Write the data out again exactly, dropping any images it holds.
-.-.-
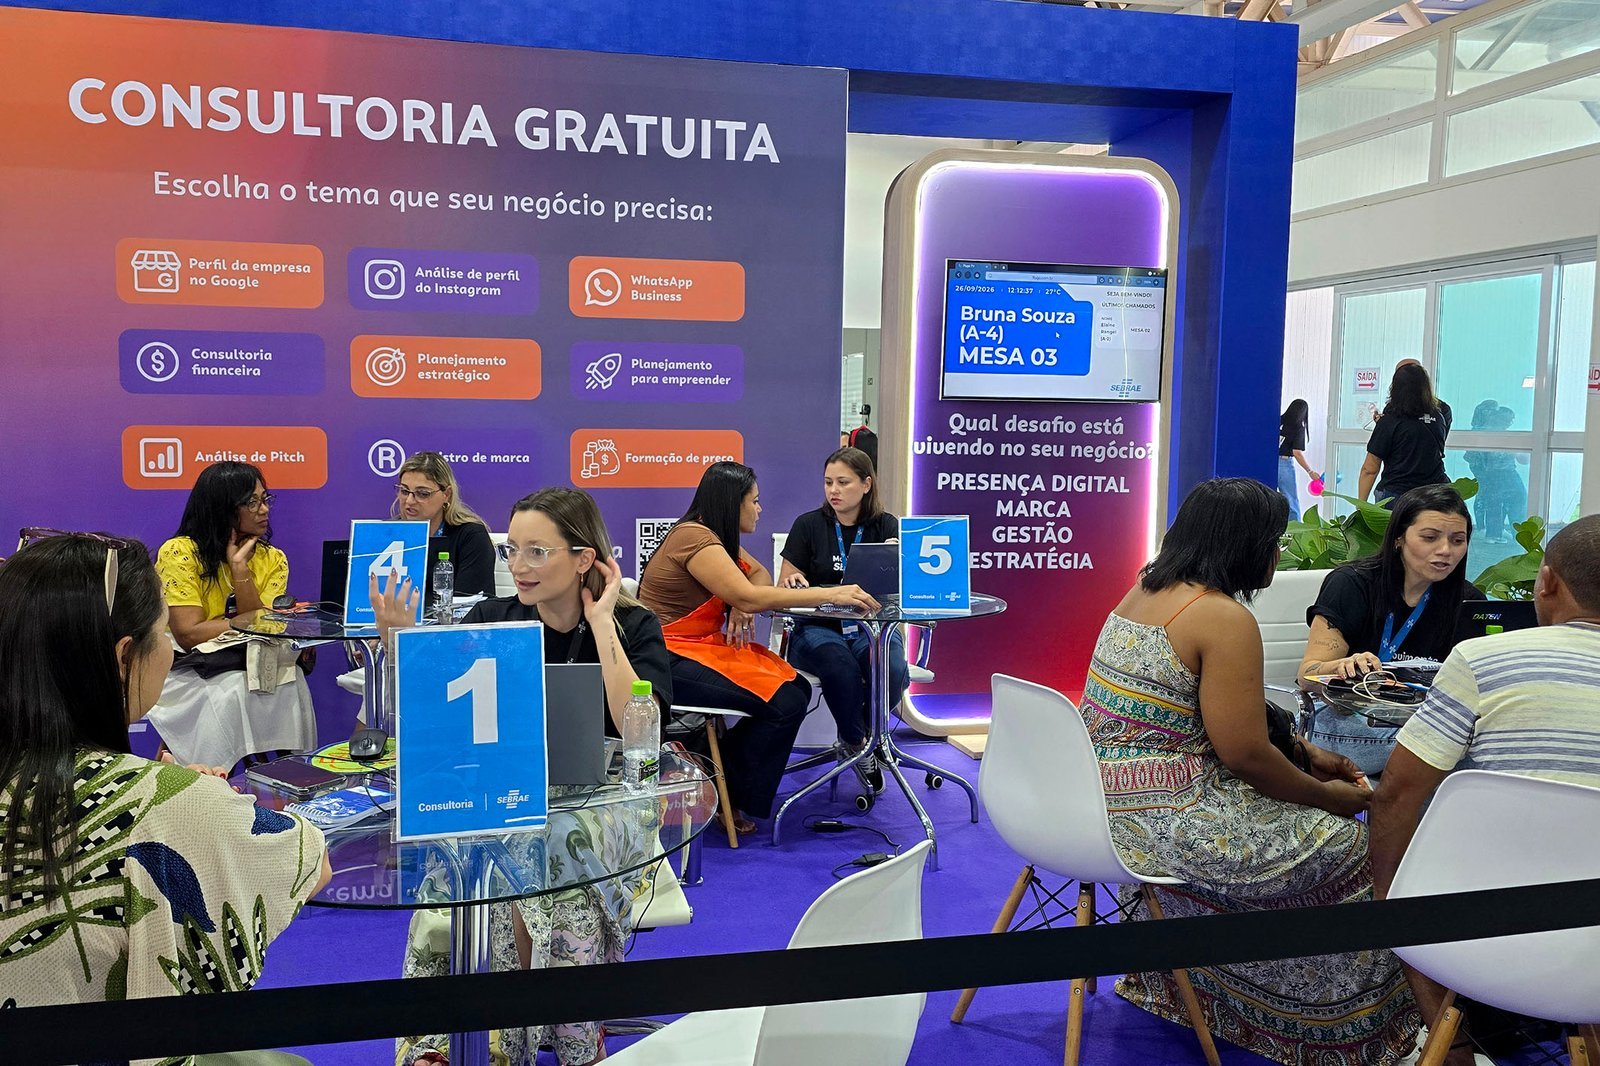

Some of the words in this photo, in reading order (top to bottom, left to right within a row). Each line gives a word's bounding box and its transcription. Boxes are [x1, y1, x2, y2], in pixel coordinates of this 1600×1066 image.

[68, 78, 497, 147] CONSULTORIA
[514, 108, 780, 163] GRATUITA
[154, 172, 270, 200] Escolha
[280, 183, 296, 201] o
[306, 181, 379, 205] tema
[389, 189, 439, 212] que
[448, 192, 493, 210] seu
[503, 191, 605, 220] negócio
[614, 198, 713, 222] precisa:
[189, 258, 227, 270] Perfil
[231, 260, 248, 271] da
[252, 263, 311, 274] empresa
[189, 278, 207, 286] no
[211, 275, 259, 289] Google
[415, 267, 464, 279] Análise
[467, 269, 483, 280] de
[486, 270, 520, 282] perfil
[631, 275, 693, 289] WhatsApp
[415, 283, 431, 293] do
[435, 283, 501, 297] Instagram
[631, 290, 682, 301] Business
[955, 285, 995, 293] 26/09/2026
[960, 305, 1016, 322] Bruna
[1021, 308, 1076, 324] Souza
[960, 325, 1004, 344] (A-4)
[191, 349, 272, 361] Consultoria
[418, 354, 507, 367] Planejamento
[959, 346, 1025, 365] MESA
[1030, 347, 1058, 366] 03
[192, 364, 261, 376] financeira
[631, 359, 712, 371] Planejamento
[418, 369, 490, 382] estratégico
[631, 375, 659, 386] para
[661, 374, 731, 387] empreender
[1357, 371, 1377, 381] SAÍDA
[949, 413, 999, 435] Qual
[1004, 414, 1077, 435] desafio
[1081, 417, 1124, 435] está
[195, 450, 247, 463] Análise
[251, 451, 267, 463] de
[270, 450, 305, 463] Pitch
[913, 436, 994, 455] vivendo
[1000, 443, 1026, 456] no
[1030, 443, 1064, 457] seu
[1071, 439, 1154, 463] negócio?
[472, 452, 487, 463] de
[490, 454, 530, 463] marca
[625, 453, 683, 465] Formação
[685, 453, 699, 463] de
[937, 472, 1046, 496] PRESENÇA
[1052, 474, 1130, 493] DIGITAL
[996, 500, 1071, 518] MARCA
[992, 522, 1073, 544] GESTÃO
[368, 541, 408, 584] 4
[918, 535, 953, 575] 5
[970, 547, 1094, 570] ESTRATÉGIA
[446, 657, 499, 745] 1
[418, 799, 474, 812] Consultoria
[497, 794, 530, 804] SEBRAE
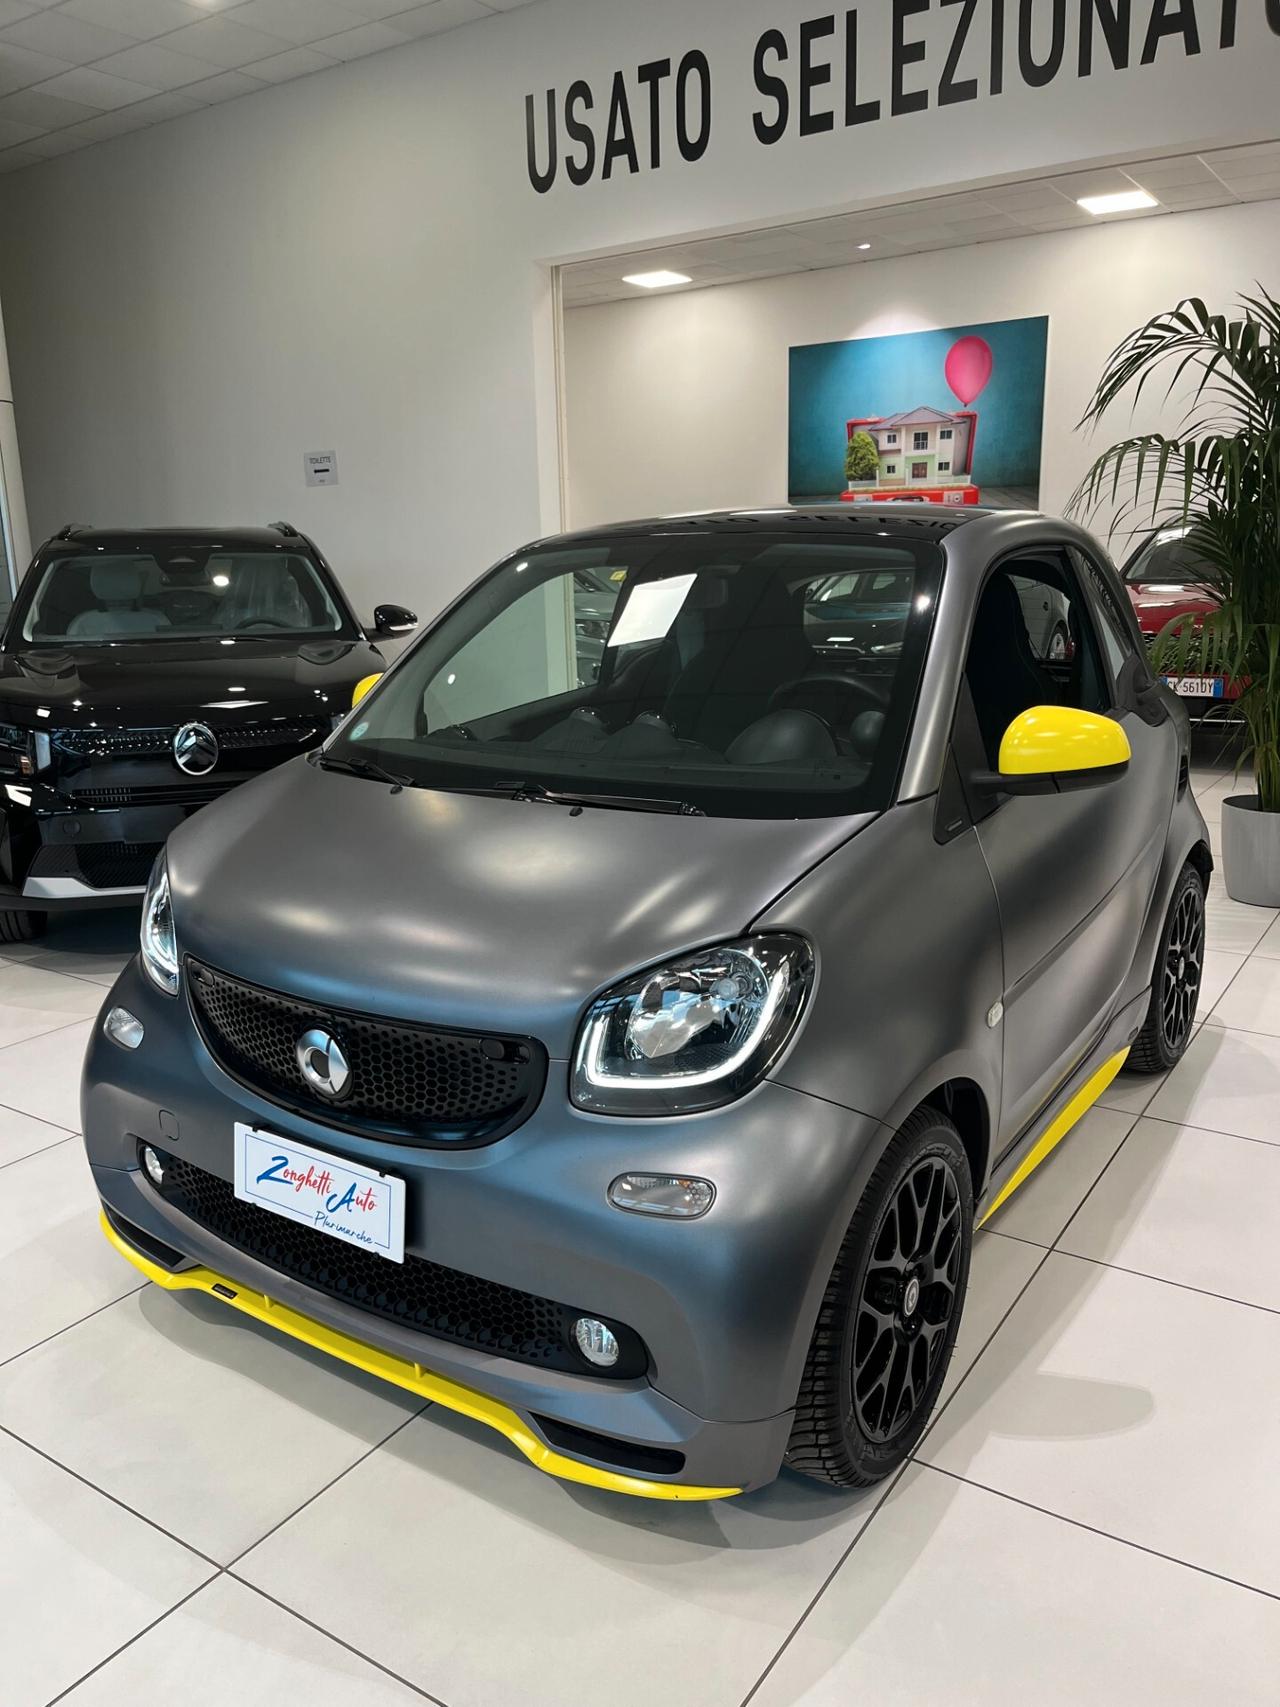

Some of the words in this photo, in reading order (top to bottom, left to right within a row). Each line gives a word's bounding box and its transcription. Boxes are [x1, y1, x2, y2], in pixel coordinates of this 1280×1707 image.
-.-.-
* Response
Some of the words in this photo, in reading order (top to bottom, left to right within a row). Each line gives a word's bounding box and its transcription. Boxes are [x1, y1, x2, y2], in pixel coordinates of this 1600×1066 image.

[68, 78, 497, 147] CONSULTORIA
[514, 108, 780, 163] GRATUITA
[154, 172, 270, 200] Escolha
[280, 183, 296, 201] o
[306, 181, 379, 205] tema
[389, 189, 439, 212] que
[448, 192, 493, 210] seu
[503, 191, 605, 220] negócio
[614, 198, 713, 222] precisa:
[189, 258, 227, 270] Perfil
[231, 260, 248, 271] da
[252, 263, 311, 274] empresa
[189, 278, 207, 286] no
[211, 275, 259, 289] Google
[415, 267, 464, 279] Análise
[467, 269, 483, 280] de
[486, 270, 520, 282] perfil
[631, 275, 693, 289] WhatsApp
[415, 283, 431, 293] do
[435, 283, 501, 297] Instagram
[631, 290, 682, 301] Business
[955, 285, 995, 293] 26/09/2026
[960, 305, 1016, 322] Bruna
[1021, 308, 1076, 324] Souza
[960, 325, 1004, 344] (A-4)
[191, 349, 272, 361] Consultoria
[418, 354, 507, 367] Planejamento
[959, 346, 1025, 365] MESA
[1030, 347, 1058, 366] 03
[192, 364, 261, 376] financeira
[631, 359, 712, 371] Planejamento
[418, 369, 490, 382] estratégico
[631, 375, 659, 386] para
[661, 374, 731, 387] empreender
[1357, 371, 1377, 381] SAÍDA
[949, 413, 999, 435] Qual
[1004, 414, 1077, 435] desafio
[1081, 417, 1124, 435] está
[195, 450, 247, 463] Análise
[251, 451, 267, 463] de
[270, 450, 305, 463] Pitch
[913, 436, 994, 455] vivendo
[1000, 443, 1026, 456] no
[1030, 443, 1064, 457] seu
[1071, 439, 1154, 463] negócio?
[472, 452, 487, 463] de
[490, 454, 530, 463] marca
[625, 453, 683, 465] Formação
[685, 453, 699, 463] de
[937, 472, 1046, 496] PRESENÇA
[1052, 474, 1130, 493] DIGITAL
[996, 500, 1071, 518] MARCA
[992, 522, 1073, 544] GESTÃO
[368, 541, 408, 584] 4
[918, 535, 953, 575] 5
[970, 547, 1094, 570] ESTRATÉGIA
[446, 657, 499, 745] 1
[418, 799, 474, 812] Consultoria
[497, 794, 530, 804] SEBRAE

Some of the words in this photo, in reading order (top to bottom, left to right within a row). Each line gives a word's bounding box and its transcription. Boxes are [x1, y1, x2, y2], in pixel coordinates of this 1280×1707 image.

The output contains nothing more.